What you need to do: Pictures do not belong in your copy. Repeat all the other data exactly.

Available data:
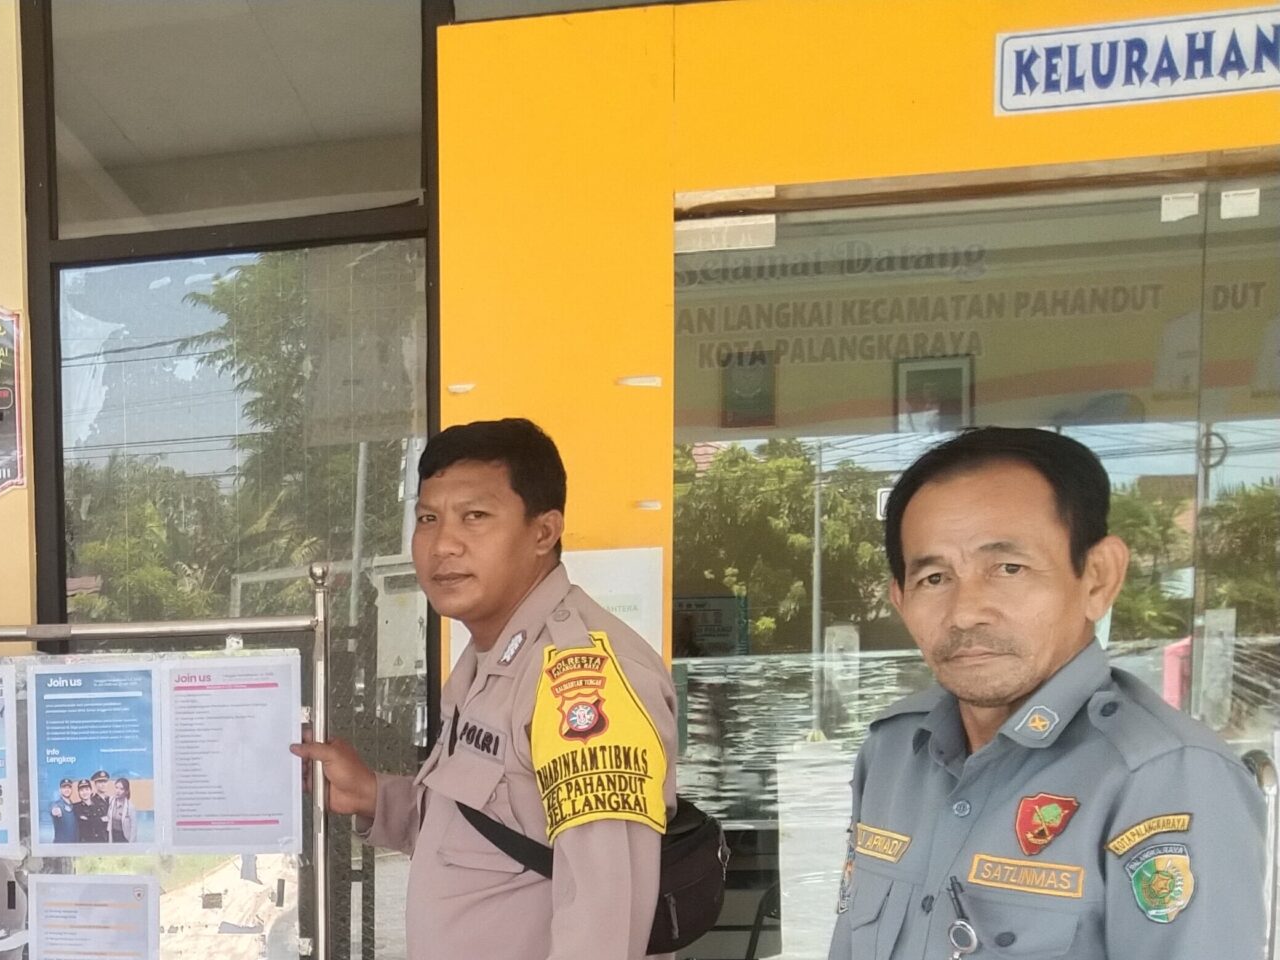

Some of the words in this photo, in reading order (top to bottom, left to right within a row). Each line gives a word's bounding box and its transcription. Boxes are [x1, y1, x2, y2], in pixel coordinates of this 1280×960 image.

[1013, 24, 1280, 97] KELURAHAN
[834, 239, 987, 283] Datang
[723, 300, 833, 332] LANGKAI
[840, 292, 1006, 327] KECAMATAN
[1013, 283, 1164, 318] PAHANDUT
[1211, 281, 1267, 313] DUT
[697, 340, 767, 369] KOTA
[774, 331, 983, 365] PALANGKARAYA
[175, 673, 197, 683] Join
[198, 674, 212, 682] us
[551, 656, 601, 675] POLRESTA
[47, 677, 69, 687] Join
[69, 678, 82, 687] us
[46, 748, 60, 756] Info
[459, 721, 500, 756] POLRI
[46, 755, 77, 765] Lengkap
[536, 744, 649, 795] BHABINKAMTIBMAS
[980, 861, 1071, 890] SATLINMAS
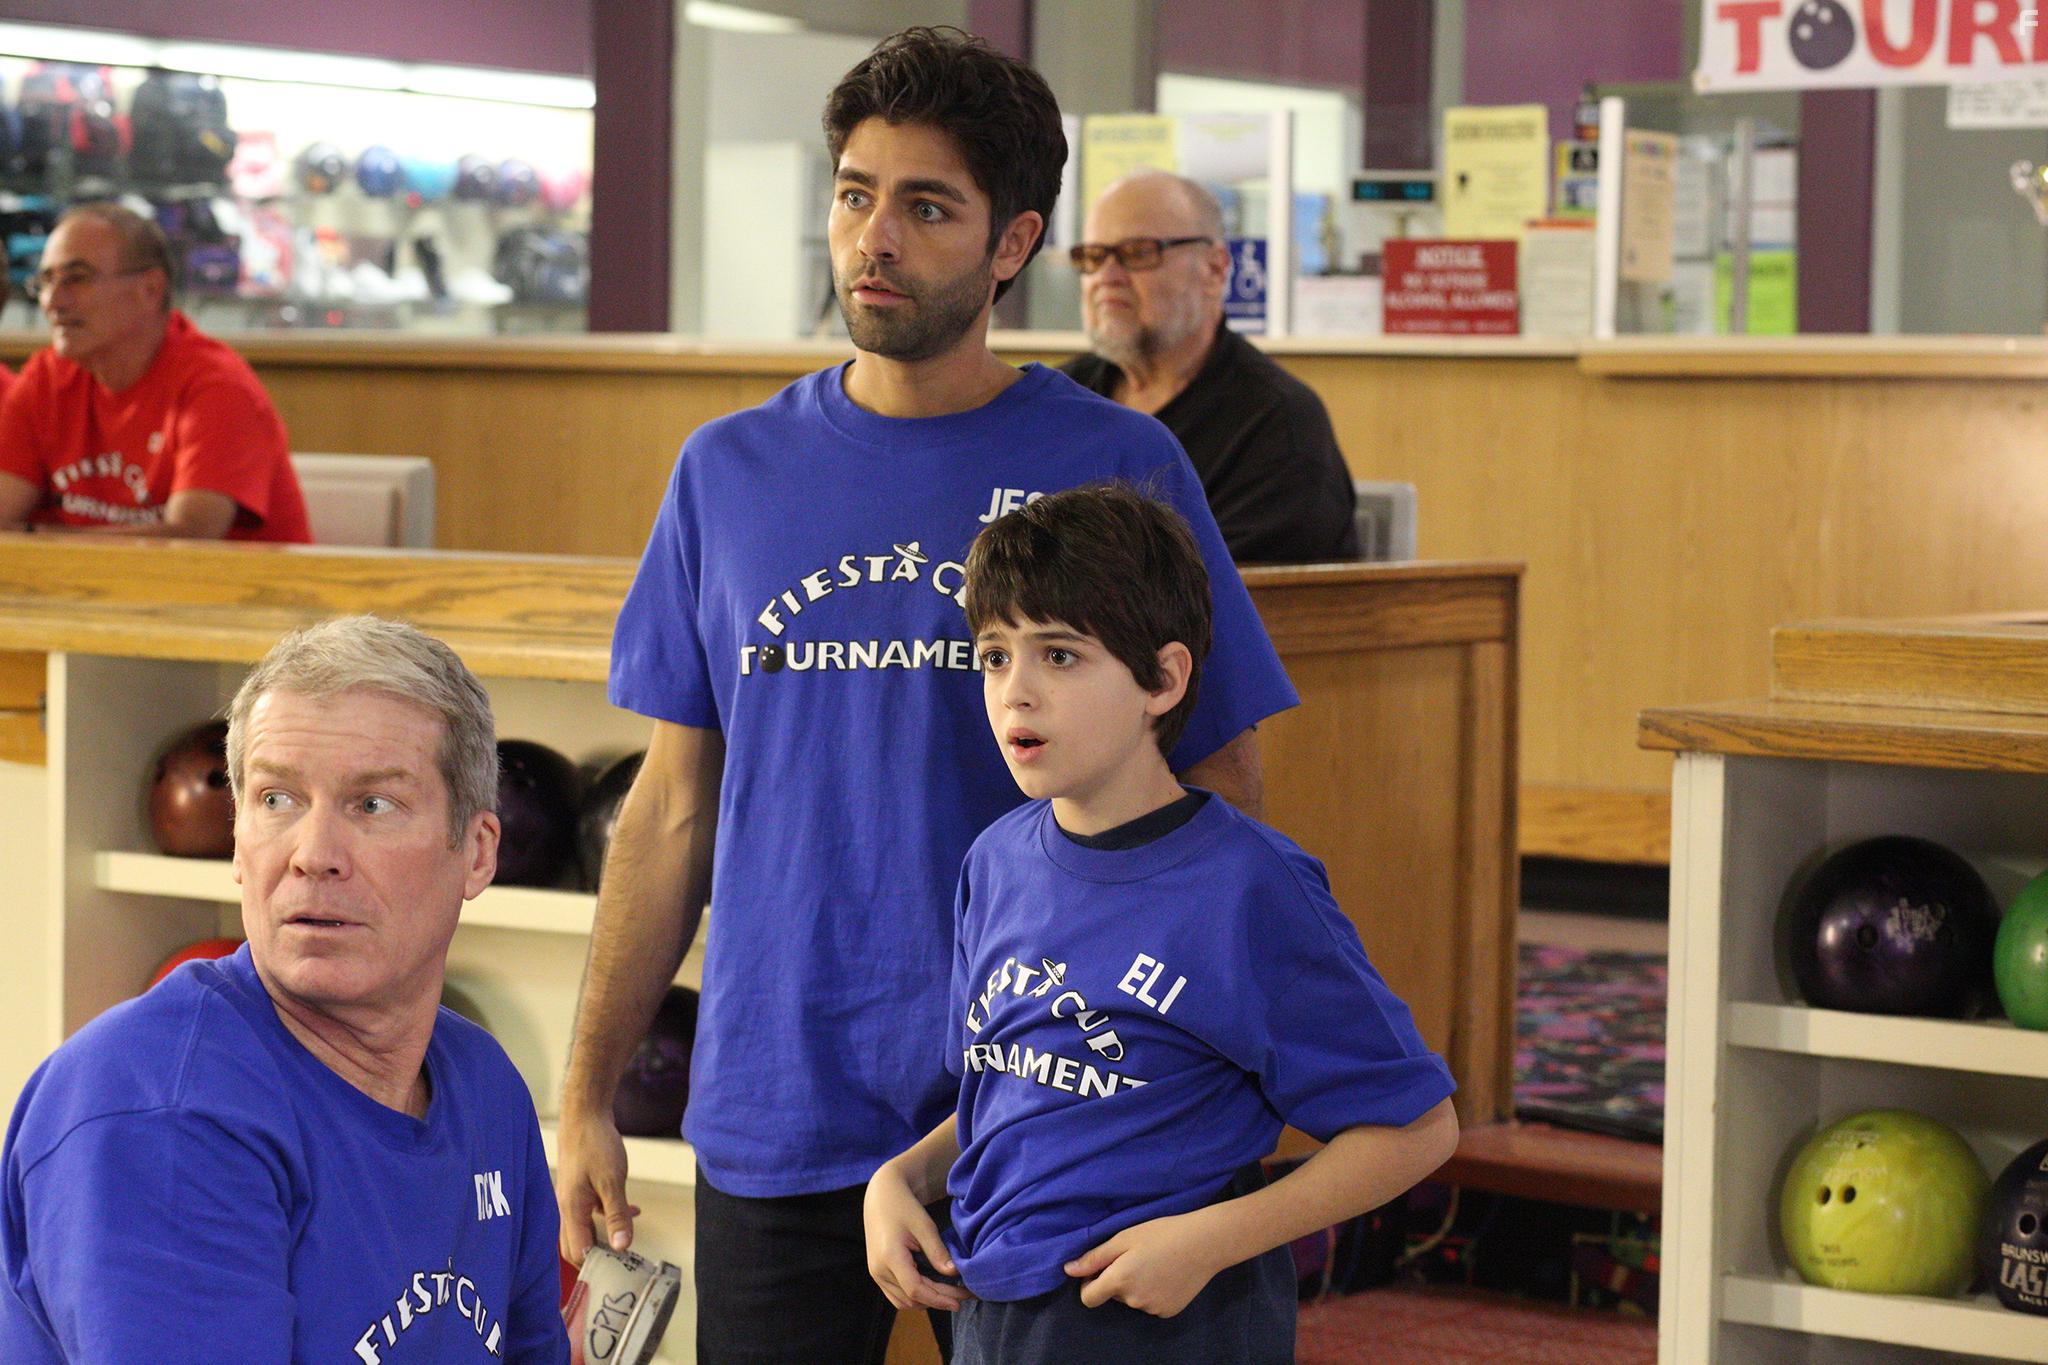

Response to this task:
Some of the words in this photo, in reading order (top to bottom, left to right within a row). Each line gives a word's bounding box and its transcription. Boxes are [x1, y1, x2, y2], in pixel coordinates of this 1280×960 image.

[1013, 24, 1280, 97] KELURAHAN
[834, 239, 987, 283] Datang
[723, 300, 833, 332] LANGKAI
[840, 292, 1006, 327] KECAMATAN
[1013, 283, 1164, 318] PAHANDUT
[1211, 281, 1267, 313] DUT
[697, 340, 767, 369] KOTA
[774, 331, 983, 365] PALANGKARAYA
[175, 673, 197, 683] Join
[198, 674, 212, 682] us
[551, 656, 601, 675] POLRESTA
[47, 677, 69, 687] Join
[69, 678, 82, 687] us
[46, 748, 60, 756] Info
[459, 721, 500, 756] POLRI
[46, 755, 77, 765] Lengkap
[536, 744, 649, 795] BHABINKAMTIBMAS
[980, 861, 1071, 890] SATLINMAS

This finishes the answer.